Так что вскоре оба пана ехали рядом во главе войска, а Ежи рассказывал о своем житье-бытье:
– …приняли, как родного. Поселили нас с Басей пока в Дьяково, покои отвели в тереме, но рядом нам свой дом строится. Да и на Москве так же.
– Ты так и возвращаться не захочешь…
Ежи пожал плечами.
– Бушуют Езерковские?
– Не то слово!
Узнав о заточении Кристины в монастырь, Езерковские кинулись в Краков и упали королю в ноги. Умолять.
Еще бы, куда это годится?! Племянницу, красавицу, умницу, практически «черную вдову» вдруг от родного мужа отрывают. Да еще так цинично – чуть ли не по обвинению в государственной измене. А к тому ж…
Теряется все ее состояние. Раньше-то Кристина все тащила в семью, все для Езерковских, а сейчас она в монастыре, деньги и земли у ее мужа, а тот уж и вовсе на другой женился! Да на ком!
Пригрели змею на груди!!!
Конечно, паны взбесились. И сам дядюшка Кристины, и его многочисленная родня – племянники и племянницы. Как же, дохода лишили!
И будь Ежи в Кракове – не вылезать бы ему из дуэлей.

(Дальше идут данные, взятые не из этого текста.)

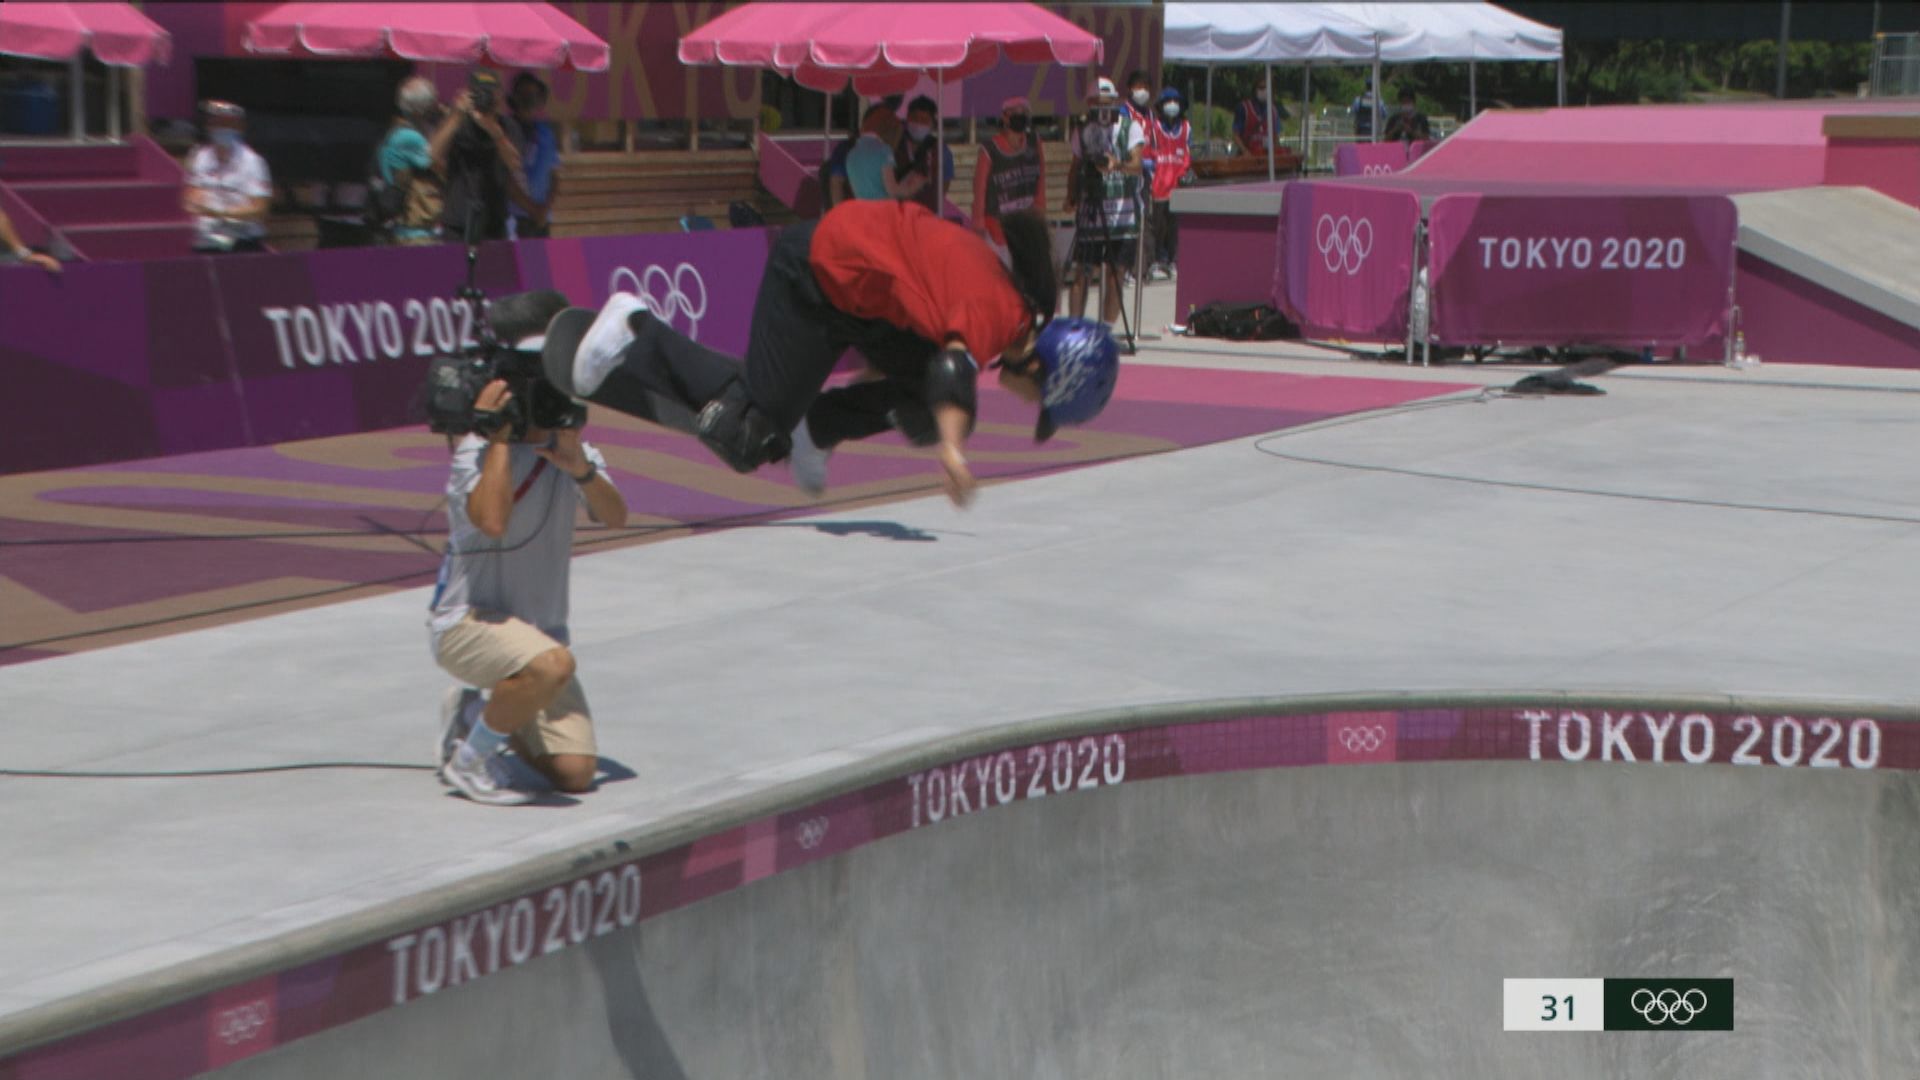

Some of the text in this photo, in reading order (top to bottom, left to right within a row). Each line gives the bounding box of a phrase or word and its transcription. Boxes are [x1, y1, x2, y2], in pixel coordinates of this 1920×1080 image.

Да и шляхта заволновалась. Ей-ей, останься Володыевские в Польше – затравили б и его, и Басеньку. Но это ж в Польше!
А ехать в Москву, на суровую русскую землю, ради того, чтобы вызвать Ежи на дуэль… Э, нет. Так далеко удаль Езерковских не простиралась. Да и король ответил весьма резко и жестко.
Сообщил, что все решения были приняты паном Володыевским с его высочайшего соизволения. И вообще пан Володыевский – народный герой. Он Каменец защищал от поганых захватчиков.
А вы в это время чем заниматься изволили?
Ах, хозяйством?
Ну вот вам мое повеление.
Отправляйтесь на хозяйство и без моего дозволения при дворе не показывайтесь, не то в темнице сгною! Наглость какая! Кстати, не вы ли, пан, дочку свою научили мужа бросать да в лицо ему каркать, смерть предсказывать?
Это и вовсе изменой родине попахивает…
Паны, конечно, отнекивались и пытались настаивать на своем, но уж больно неприглядно выглядел поступок Кристины, тем более в годину бедствий. Пришлось Езерковским отступиться, хотя любви к короне им это не прибавило. Кристина же, постриженная под именем Марии, несла служение в одном из монастырей покамест строго запертая, ибо была уже поймана при попытке побега.
Ежи только вздохнул, выслушав эти новости. Вернуться домой с Басенькой им в скором времени точно не грозило. Лет десять ждать придется. Ну и что бы на Москве не отстроиться за это время? Тем более, дети пойдут уже скоро…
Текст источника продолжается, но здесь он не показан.